House Resources bill would raise oil taxes, curtail credits
Oil and gas taxes have made their anticipated appearance in Juneau.
Anchorage Democrats and House Resource Committee Co-chairs Reps. Geran Tarr and Andy Josephson laid out their plan to correct what they see as a major imbalance in the state’s oil and gas tax credit program given the sub-$65 per barrel price regime oil markets have been mired in for more than two years.
The tension that Alaska’s ever-present oil tax debate carries spilled over to the bill’s initial introduction and committee referral during the Wednesday House floor session.
Usually a formality bordering on an afterthought, debate broke out as to whether the leaders of the committee followed legislative rules in submitting House Bill 111 as Resources Committee-sponsored legislation as opposed to sponsoring the bill as individual legislators. Minority Republicans on the Resources Committee did not want to be associated with the Democrat proposal.
In the end, the Democrat-led House coalition used its majority position to overrule the Republican objections in a vote on the matter to uphold Speaker Bryce Edgmon’s decision to allow the introduction of the bill.
The meat of the bill generally reflects the portion of last year’s tax credit reform bill, HB 247, which passed the House and was all but rejected in the Senate — the scaling back of North Slope credits and raising the 4 percent minimum tax.
What’s new in the bill is that it reduces the per barrel credit to $5 per barrel for all production at prices less than $110 per barrel. Today, the state reduces the production tax on each barrel produced by $8 when prices are less than $80 per barrel, with the credit decreasing by $1 for each $10 the price rises from $80.

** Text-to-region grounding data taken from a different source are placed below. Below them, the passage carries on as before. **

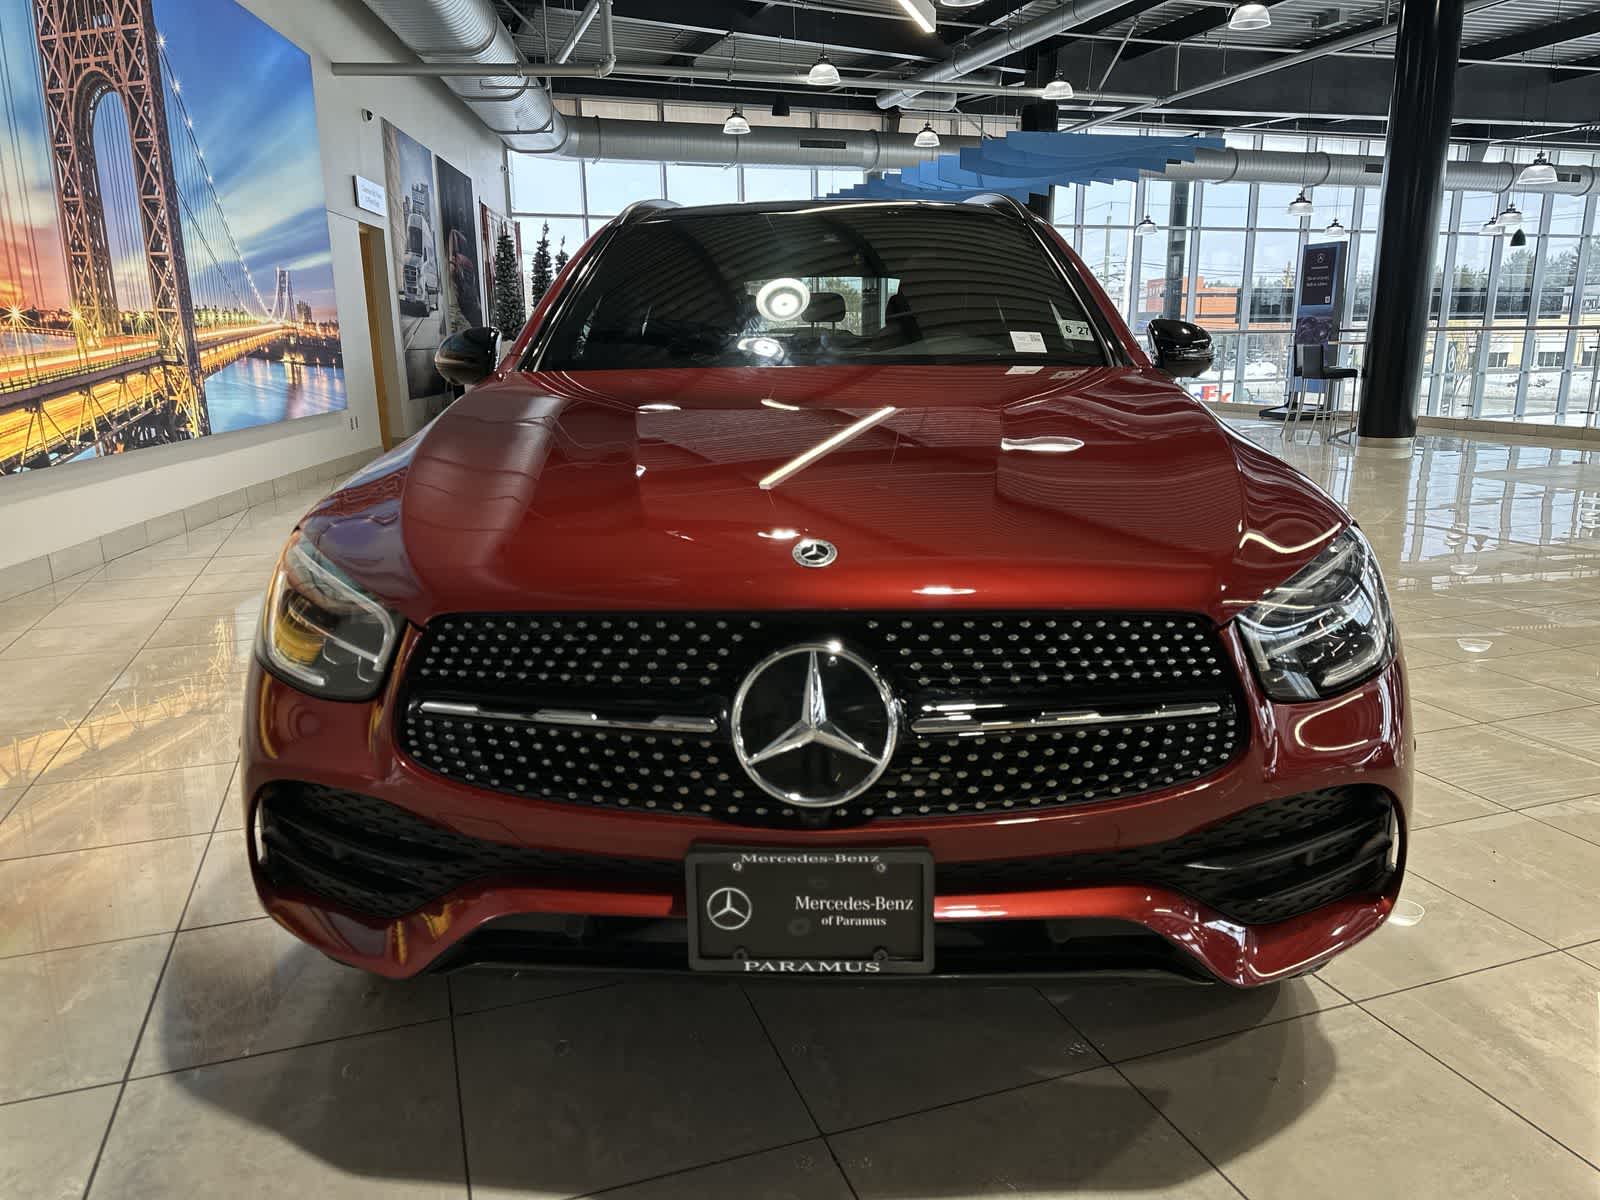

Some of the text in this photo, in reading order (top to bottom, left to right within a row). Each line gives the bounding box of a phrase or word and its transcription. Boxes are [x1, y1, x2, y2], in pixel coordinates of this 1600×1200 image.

[1065, 325, 1088, 335] 6 27
[740, 853, 881, 864] Mercedes-Benz
[795, 896, 914, 911] Mercedes-Benz
[821, 915, 887, 927] of Paramus
[743, 960, 881, 973] PARAMUS

Tarr has long emphasized the point that current oil and gas production tax system was not evaluated for its impacts on the state and industry at the lower prices seen today.
When the tax was debated in the Legislature in 2013 and upheld in an August 2014 voter referendum oil prices were stable in excess of $100 per barrel.
Therefore, according to Tarr, the legislation is needed to resolve the “unintended consequences” of the current tax and credit system: namely the ability for small producers and explorers to earn refundable tax credits without sufficient tax revenue from the major producers to offset them because of today’s lower price reality.
The combination of Gov. Bill Walker’s $630 million worth of vetoes to tax credit payment appropriations over the past two fiscal years and continued use of the credit system is likely to leave the state with a total oil and gas tax credit bill of about $900 million at the end of the 2018 fiscal year, which begins July 1, according to Tax Division Director Ken Alper.
Walker vetoed the vast majority of this year’s $460 million credit payment approved by the Legislature and said he could not approve the spend without comprehensive action to solve the state’s ongoing budget deficits of nearly $3 billion.
“Really, what we’re trying to do in this piece of legislation is minimize the downside risk to the state,” Tarr said in a Wednesday press conference about the bill.
To accomplish that goal, HB 111 would reduce the refundable net operating loss credit, or NOL, from 35 percent of a company’s losses to 15 percent. It would also restrict refundable NOL eligibility to companies producing less than 15,000 barrels of oil per day.
Currently, refundable, or directly cashable credits are available to explorers and companies producing up to 50,000 barrels per day.
It would also halve the amount of refundable credits a company can be paid by the state in a given year from $70 million to $35 million. The $70 million cap was instituted in last year’s credit bill, HB 247.
For producers with production tax liability, the legislation would increase the minimum tax, often referred to as the tax floor, from a 4 percent gross tax to a 5 percent. The gross tax applies at low prices, and under current law a 35 percent tax on net profits kicks in at about $70 per barrel when it becomes larger than the minimum tax.
Raising the tax floor 1 percent would generate additional revenues of 50 cents per barrel to the state when the gross taxable value of oil is $50 per barrel.
The state deducts the cost of getting North Slope crude to market — usually West Coast refineries — when calculating the production tax.
That transportation cost currently averages about $10, according to the Department of Revenue.
Josephson and Tarr also insisted they are interested in a durable production tax system that works for the state and industry in all price scenarios, not just what is in their bill.
“This is far from something we are married to. It’s a template; it’s a starting point,” Josephson said.
How the bill will fair is anyone’s guess.
Industry advocates and companies large and small have said cutting credits or increasing taxes in any way at a time when market forces are already straining bottom lines will lead to further industry cutbacks, in both capital spending and labor.
Senate Republican leaders, who hold a strong majority in the body, have said their sole goal for oil and gas tax policy is to increase production and they successfully neutered most of the provisions relating to the North Slope in last year’s prolonged tax credit debate.
Additionally, while last year’s debate focused mainly on refundable tax credits and thus left the major producing companies on the sideline, the changes to the minimum tax and the per barrel production credit will undoubtedly bring them into the fray.